▶ **EXERCISE**: Return all entries precisely as they stand, without the images.

▶ **RECORDED INFORMATION**:
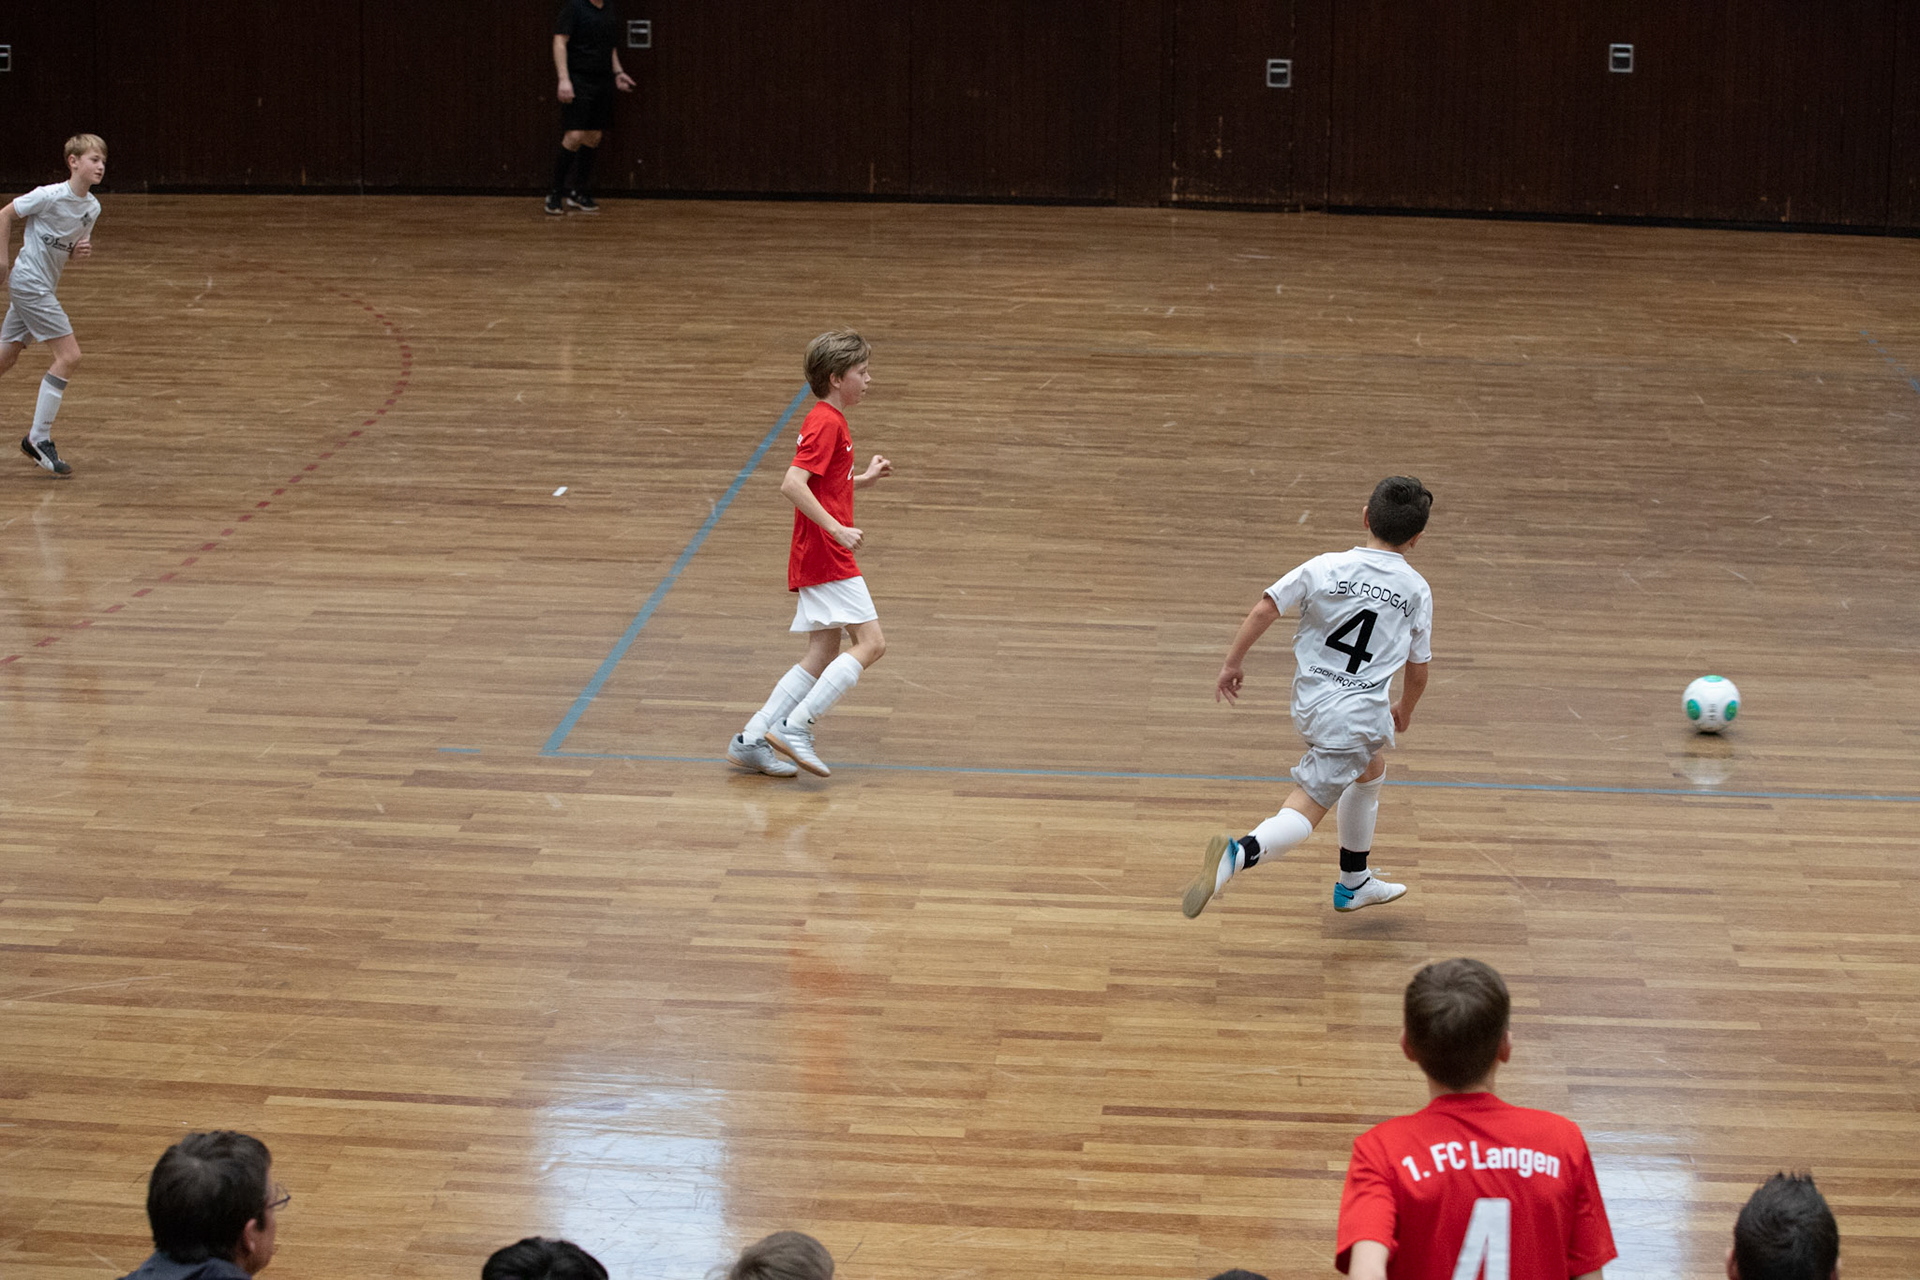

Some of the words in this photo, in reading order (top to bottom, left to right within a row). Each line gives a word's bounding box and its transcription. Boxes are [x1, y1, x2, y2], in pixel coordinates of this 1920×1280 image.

[1329, 581, 1358, 595] JSK
[1325, 608, 1378, 675] 4
[1402, 1156, 1431, 1181] 1.
[1430, 1141, 1466, 1172] FC
[1470, 1140, 1560, 1178] Langen
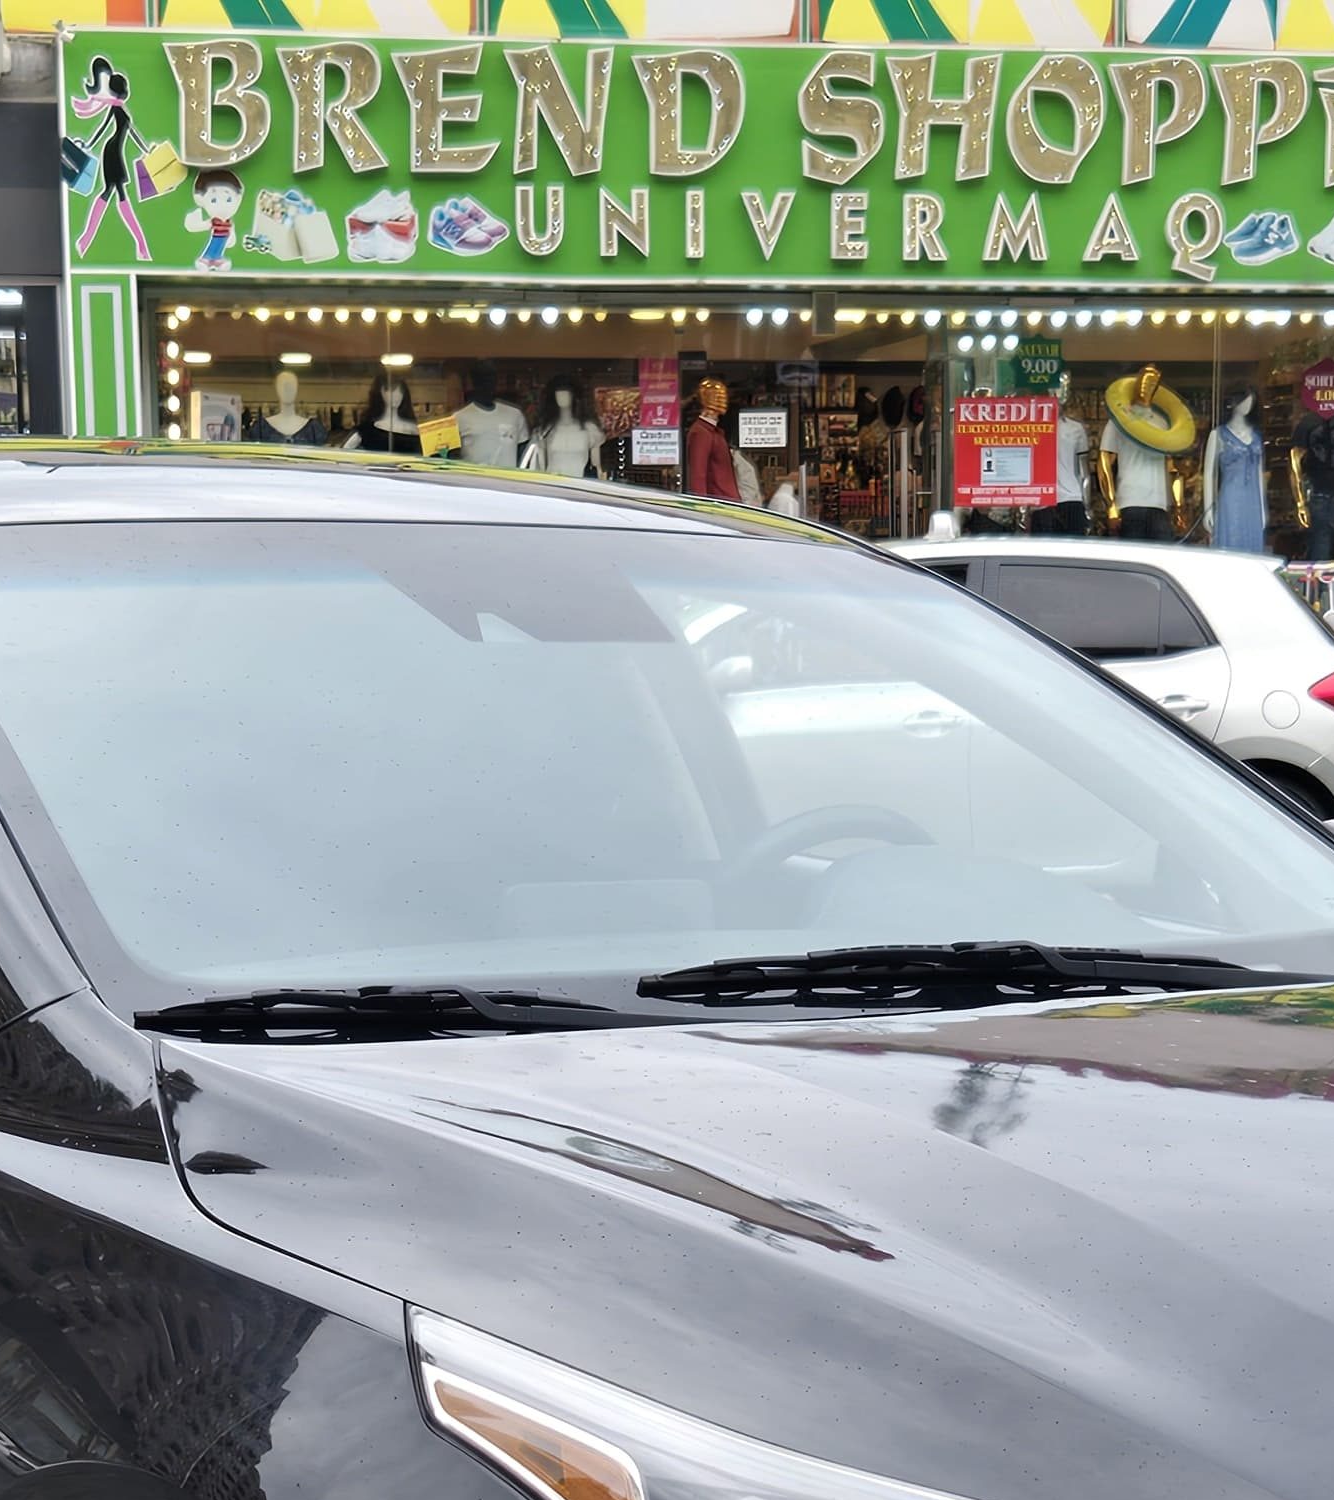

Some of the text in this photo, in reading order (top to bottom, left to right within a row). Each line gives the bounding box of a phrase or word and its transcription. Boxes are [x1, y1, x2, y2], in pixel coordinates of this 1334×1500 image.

[162, 39, 745, 178] BREND
[514, 184, 1227, 281] UNIVERMAQ
[1021, 359, 1058, 374] 9.00
[959, 399, 1053, 422] KREDİT

▶ **RESPONSE AREA**:
Some of the words in this photo, in reading order (top to bottom, left to right within a row). Each line gives a word's bounding box and its transcription. Boxes are [x1, y1, x2, y2], in pixel coordinates of this 1920×1280 image.

[1329, 581, 1358, 595] JSK
[1325, 608, 1378, 675] 4
[1402, 1156, 1431, 1181] 1.
[1430, 1141, 1466, 1172] FC
[1470, 1140, 1560, 1178] Langen

Some of the text in this photo, in reading order (top to bottom, left to right within a row). Each line gives the bounding box of a phrase or word and its transcription. Boxes are [x1, y1, x2, y2], in pixel coordinates of this 1334×1500 image.

[162, 39, 745, 178] BREND
[514, 184, 1227, 281] UNIVERMAQ
[1021, 359, 1058, 374] 9.00
[959, 399, 1053, 422] KREDİT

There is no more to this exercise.